Using "proof by contradiction" as outlined in the solution to Example 6. 

(i) Assume that the limit exists: $\lim _{\mathrm{x} \rightarrow 0} \frac{1}{x}=\mathrm{L}$ for some value for $\mathrm{L}$. Let $\varepsilon=1$. (The definition says "for every ε" so we can pick this value.

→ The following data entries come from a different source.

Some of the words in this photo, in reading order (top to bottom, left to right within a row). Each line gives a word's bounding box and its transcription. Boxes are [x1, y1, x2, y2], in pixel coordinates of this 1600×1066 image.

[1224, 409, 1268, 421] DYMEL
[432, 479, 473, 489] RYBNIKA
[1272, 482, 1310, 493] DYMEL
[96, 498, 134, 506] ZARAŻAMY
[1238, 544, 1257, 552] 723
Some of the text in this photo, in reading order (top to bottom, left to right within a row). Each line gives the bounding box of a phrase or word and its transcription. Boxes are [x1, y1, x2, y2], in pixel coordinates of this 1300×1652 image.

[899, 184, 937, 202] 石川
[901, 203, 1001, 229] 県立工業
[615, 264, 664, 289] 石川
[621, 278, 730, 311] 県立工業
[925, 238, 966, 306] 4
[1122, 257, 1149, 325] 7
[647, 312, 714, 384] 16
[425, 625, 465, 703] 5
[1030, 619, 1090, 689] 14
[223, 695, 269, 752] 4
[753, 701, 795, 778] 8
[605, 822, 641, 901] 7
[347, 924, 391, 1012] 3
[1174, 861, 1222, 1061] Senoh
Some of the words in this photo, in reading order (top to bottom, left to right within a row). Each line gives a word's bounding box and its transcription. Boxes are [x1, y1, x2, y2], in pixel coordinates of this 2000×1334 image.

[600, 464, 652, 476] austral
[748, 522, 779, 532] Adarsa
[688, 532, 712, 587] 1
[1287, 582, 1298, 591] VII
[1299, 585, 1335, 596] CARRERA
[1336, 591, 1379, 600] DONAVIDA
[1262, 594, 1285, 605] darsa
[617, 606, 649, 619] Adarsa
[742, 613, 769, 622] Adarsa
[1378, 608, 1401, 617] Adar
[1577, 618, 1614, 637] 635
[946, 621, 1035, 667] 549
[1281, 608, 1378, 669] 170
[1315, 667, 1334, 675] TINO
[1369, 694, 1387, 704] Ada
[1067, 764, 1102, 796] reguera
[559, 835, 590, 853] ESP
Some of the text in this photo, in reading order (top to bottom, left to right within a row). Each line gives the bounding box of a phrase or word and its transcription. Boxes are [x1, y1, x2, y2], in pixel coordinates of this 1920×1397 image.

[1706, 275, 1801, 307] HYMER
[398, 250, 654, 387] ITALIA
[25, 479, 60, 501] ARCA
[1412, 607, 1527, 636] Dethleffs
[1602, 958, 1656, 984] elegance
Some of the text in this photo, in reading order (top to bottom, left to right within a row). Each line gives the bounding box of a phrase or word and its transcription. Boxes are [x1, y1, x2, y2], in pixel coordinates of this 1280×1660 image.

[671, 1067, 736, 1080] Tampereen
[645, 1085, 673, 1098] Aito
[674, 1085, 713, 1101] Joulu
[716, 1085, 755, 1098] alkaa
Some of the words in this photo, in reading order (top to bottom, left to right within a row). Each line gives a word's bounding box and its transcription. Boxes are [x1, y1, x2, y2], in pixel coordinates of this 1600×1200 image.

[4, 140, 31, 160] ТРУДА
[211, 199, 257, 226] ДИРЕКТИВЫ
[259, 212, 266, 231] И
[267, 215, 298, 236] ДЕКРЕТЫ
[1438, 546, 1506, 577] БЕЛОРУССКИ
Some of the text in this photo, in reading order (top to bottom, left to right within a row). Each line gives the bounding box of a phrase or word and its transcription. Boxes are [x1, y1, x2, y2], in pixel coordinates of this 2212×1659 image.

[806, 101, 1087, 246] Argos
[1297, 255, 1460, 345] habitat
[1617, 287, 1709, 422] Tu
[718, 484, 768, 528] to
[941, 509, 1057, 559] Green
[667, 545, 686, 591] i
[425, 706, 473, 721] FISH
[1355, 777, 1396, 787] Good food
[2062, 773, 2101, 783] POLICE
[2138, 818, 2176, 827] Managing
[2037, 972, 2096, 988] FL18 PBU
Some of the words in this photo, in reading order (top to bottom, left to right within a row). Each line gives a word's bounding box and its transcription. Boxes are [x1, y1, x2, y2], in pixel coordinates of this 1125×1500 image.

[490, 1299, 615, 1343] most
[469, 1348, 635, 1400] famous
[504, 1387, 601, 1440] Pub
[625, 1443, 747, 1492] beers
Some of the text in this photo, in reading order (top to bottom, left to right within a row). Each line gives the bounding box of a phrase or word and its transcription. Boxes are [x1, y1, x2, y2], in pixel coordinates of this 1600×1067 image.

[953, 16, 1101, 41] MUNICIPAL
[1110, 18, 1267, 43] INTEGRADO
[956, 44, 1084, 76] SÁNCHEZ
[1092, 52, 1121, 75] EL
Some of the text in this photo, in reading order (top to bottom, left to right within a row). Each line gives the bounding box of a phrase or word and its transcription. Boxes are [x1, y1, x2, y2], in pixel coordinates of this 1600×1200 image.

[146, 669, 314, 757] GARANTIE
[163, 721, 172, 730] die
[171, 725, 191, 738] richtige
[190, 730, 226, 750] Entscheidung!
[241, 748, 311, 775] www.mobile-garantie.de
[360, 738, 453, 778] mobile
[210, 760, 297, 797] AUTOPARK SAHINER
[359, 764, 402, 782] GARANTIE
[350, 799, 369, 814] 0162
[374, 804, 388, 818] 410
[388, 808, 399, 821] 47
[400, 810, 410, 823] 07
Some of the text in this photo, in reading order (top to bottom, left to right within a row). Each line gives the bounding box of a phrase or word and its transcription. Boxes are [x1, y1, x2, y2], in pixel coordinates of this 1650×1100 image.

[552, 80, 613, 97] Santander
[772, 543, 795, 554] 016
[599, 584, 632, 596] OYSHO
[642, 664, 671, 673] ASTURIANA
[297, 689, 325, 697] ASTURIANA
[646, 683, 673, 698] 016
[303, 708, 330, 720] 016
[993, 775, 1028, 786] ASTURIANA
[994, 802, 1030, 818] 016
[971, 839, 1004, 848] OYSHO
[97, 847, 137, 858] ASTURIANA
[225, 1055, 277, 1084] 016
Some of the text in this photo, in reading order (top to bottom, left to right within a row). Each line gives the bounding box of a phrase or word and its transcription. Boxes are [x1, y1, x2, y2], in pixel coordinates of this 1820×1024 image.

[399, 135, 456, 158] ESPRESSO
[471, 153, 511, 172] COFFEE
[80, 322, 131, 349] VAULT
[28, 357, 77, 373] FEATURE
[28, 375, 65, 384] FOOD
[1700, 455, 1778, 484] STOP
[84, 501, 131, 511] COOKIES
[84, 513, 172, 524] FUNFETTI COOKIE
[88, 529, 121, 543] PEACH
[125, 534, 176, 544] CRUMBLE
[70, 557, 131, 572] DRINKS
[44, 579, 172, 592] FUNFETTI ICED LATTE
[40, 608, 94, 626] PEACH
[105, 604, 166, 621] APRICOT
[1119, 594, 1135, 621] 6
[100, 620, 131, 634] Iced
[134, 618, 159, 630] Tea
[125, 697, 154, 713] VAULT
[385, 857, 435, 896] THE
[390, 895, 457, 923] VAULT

For this limit, the definition fails for every $\varepsilon > 0.$) Then, since we are assuming that the limit exists, there is a $\delta > 0$ so that if $x$ is within $\delta$ of 0 then $\mathrm{f}(\mathrm{x})=\frac{1}{\mathrm{x}}$ is within $\varepsilon=1$ of L.

(ii) (See Fig. 24) Let $x_{1}$ be between $\mathrm{0}$ and $0+\delta$ and also require that $x_{1} < \frac{1}{2}$. Then $0 < \mathrm{x}_{1} < \frac{1}{2}$ so $\mathrm{f}\left(\mathrm{x}_{1}\right)=\frac{1}{\mathrm{x}_{1}} > 2$. Since $\mathrm{x}_{1}$ is within $\delta$ of $0, \mathrm{f}\left(\mathrm{x}_{1}\right) > 2$ is within $\varepsilon=1$ of $\mathrm{L}$, so L is greater than $2-\varepsilon=1: \mathbf{1} < \mathbf{L}$.

Let $\mathrm{x}_{2}$ be between 0 and $0-\delta$ and also require that $\mathrm{x}_{2} > -\frac{1}{2}$. Then $0 > \mathrm{x}_{2} > \frac{1}{2}$ so $\mathrm{f}\left(\mathrm{x}_{2}\right)=\frac{1}{\mathrm{x}_{2}} < -2$. Since $\mathrm{x}_{2}$ is within $\delta$ of $0, \mathrm{f}\left(\mathrm{x}_{2}\right) < -2$ is

$\varepsilon=1$ of $\mathrm{L}$, so $\mathrm{L}$ is less than $-2+\varepsilon=-1:-\mathbf{1} > \mathbf{L}$.

(iii) The two inequalities in bold print provide the contradiction we hoping to find, There is no value $\mathrm{L}$ that satisfies

BOTH $1 < \mathbf{L}$ and $\mathbf{L} < -\mathbf{1}$

so we can conclude that our assumption was false and that $\mathrm{f}(\mathrm{x})=\frac{1}{\mathrm{x}} \,$ does not have a limit as $\mathrm{x} \rightarrow 0$.